**Work item:**
Each line from the one that contains "this 1280×960 image." down to the last line of the material should be retyped exactly as it stands.

**Information supplied:**
++++++++++++++++++++

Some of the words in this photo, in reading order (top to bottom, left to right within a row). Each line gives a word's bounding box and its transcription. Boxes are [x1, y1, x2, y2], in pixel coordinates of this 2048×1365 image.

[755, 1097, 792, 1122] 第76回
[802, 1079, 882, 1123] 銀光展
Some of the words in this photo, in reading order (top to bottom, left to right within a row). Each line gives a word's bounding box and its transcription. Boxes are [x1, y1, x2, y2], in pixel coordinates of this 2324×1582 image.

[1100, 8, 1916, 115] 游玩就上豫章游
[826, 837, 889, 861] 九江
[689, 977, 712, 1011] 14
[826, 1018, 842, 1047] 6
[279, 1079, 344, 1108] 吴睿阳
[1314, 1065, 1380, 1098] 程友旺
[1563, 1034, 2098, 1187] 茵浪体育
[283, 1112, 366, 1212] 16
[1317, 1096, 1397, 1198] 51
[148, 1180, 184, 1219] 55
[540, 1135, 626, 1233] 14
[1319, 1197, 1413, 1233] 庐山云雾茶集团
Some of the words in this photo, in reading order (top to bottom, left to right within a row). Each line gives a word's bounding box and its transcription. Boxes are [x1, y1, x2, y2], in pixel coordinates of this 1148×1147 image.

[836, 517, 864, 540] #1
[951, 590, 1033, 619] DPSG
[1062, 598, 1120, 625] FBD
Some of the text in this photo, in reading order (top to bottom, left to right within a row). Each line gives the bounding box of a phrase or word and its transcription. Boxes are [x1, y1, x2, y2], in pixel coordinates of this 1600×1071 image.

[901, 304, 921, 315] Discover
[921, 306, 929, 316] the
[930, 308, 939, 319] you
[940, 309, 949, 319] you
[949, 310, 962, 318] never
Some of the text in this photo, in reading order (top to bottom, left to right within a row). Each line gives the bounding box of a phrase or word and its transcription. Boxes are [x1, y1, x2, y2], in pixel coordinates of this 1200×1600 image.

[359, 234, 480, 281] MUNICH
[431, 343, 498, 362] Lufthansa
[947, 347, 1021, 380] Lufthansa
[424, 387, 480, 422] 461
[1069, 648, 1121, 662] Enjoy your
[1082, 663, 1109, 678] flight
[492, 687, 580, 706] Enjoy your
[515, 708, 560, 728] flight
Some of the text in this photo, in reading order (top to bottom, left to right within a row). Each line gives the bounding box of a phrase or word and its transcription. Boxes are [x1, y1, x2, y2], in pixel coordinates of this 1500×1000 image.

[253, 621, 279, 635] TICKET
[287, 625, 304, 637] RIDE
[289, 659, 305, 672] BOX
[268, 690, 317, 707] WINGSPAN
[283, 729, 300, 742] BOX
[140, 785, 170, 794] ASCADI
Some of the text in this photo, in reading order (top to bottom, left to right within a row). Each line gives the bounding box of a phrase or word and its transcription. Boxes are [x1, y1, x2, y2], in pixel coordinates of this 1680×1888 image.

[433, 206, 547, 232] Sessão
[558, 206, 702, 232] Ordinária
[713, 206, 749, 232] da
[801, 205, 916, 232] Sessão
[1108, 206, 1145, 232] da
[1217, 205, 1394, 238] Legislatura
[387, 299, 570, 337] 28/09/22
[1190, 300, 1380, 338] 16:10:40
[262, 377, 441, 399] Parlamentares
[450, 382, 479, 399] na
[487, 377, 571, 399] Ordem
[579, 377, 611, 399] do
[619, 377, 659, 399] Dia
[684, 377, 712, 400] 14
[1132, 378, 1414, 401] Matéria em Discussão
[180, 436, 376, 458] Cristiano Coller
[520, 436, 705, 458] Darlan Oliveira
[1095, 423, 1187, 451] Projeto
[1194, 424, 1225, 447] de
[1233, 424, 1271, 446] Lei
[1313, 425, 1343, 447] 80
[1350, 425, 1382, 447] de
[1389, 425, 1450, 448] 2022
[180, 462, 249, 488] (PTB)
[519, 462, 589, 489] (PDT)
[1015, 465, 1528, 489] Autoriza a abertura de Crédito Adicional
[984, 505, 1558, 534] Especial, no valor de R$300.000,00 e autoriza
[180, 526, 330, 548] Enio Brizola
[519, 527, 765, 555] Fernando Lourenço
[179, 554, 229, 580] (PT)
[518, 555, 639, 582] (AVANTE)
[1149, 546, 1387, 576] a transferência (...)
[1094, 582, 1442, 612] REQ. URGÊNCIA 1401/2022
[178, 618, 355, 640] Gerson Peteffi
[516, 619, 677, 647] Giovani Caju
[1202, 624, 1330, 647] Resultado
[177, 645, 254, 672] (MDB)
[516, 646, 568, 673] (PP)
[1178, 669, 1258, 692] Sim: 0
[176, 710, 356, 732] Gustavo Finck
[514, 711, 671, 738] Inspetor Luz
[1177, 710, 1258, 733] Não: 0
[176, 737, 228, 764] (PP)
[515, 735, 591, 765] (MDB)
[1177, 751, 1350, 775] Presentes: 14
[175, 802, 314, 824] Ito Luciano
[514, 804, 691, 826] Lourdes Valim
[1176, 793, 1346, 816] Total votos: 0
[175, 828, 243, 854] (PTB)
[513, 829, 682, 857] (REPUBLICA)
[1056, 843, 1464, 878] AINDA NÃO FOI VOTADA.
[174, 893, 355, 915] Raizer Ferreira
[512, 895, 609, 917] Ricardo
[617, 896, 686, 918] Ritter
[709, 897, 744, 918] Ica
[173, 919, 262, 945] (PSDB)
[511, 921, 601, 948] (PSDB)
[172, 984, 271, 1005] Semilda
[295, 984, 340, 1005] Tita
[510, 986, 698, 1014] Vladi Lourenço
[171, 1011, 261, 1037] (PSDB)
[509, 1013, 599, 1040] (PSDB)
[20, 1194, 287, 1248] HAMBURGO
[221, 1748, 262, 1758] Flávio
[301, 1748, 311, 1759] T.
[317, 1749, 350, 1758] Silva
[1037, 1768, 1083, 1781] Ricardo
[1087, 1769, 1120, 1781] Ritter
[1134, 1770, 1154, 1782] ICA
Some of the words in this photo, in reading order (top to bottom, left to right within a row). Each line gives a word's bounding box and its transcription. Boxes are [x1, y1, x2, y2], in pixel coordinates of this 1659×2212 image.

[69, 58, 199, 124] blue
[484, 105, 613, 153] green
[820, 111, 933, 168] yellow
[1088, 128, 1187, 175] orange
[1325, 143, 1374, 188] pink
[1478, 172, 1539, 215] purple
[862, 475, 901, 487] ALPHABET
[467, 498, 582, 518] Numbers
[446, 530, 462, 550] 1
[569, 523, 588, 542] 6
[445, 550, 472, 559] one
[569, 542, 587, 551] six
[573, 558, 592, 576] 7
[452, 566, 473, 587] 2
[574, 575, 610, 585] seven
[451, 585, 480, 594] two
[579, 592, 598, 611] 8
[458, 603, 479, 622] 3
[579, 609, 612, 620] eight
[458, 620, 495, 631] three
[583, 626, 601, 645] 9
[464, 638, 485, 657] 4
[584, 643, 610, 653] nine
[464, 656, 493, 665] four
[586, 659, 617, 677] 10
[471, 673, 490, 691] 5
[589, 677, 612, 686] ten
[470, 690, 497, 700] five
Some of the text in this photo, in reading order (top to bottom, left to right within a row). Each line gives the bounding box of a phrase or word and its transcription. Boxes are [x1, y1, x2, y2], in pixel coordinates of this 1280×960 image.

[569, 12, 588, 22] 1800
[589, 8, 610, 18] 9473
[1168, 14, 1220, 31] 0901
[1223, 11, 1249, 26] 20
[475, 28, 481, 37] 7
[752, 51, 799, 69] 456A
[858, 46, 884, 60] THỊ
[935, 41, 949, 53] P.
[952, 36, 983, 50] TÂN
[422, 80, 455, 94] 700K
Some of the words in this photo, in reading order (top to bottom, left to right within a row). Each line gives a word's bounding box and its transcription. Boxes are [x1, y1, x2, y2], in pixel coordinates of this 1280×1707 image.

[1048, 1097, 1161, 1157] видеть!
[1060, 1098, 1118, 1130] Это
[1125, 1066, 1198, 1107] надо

++++++++++++++++++++

**Answer area:**
Some of the text in this photo, in reading order (top to bottom, left to right within a row). Each line gives the bounding box of a phrase or word and its transcription. Boxes are [x1, y1, x2, y2], in pixel coordinates of this 1280×960 image.

[569, 12, 588, 22] 1800
[589, 8, 610, 18] 9473
[1168, 14, 1220, 31] 0901
[1223, 11, 1249, 26] 20
[475, 28, 481, 37] 7
[752, 51, 799, 69] 456A
[858, 46, 884, 60] THỊ
[935, 41, 949, 53] P.
[952, 36, 983, 50] TÂN
[422, 80, 455, 94] 700K
Some of the words in this photo, in reading order (top to bottom, left to right within a row). Each line gives a word's bounding box and its transcription. Boxes are [x1, y1, x2, y2], in pixel coordinates of this 1280×1707 image.

[1048, 1097, 1161, 1157] видеть!
[1060, 1098, 1118, 1130] Это
[1125, 1066, 1198, 1107] надо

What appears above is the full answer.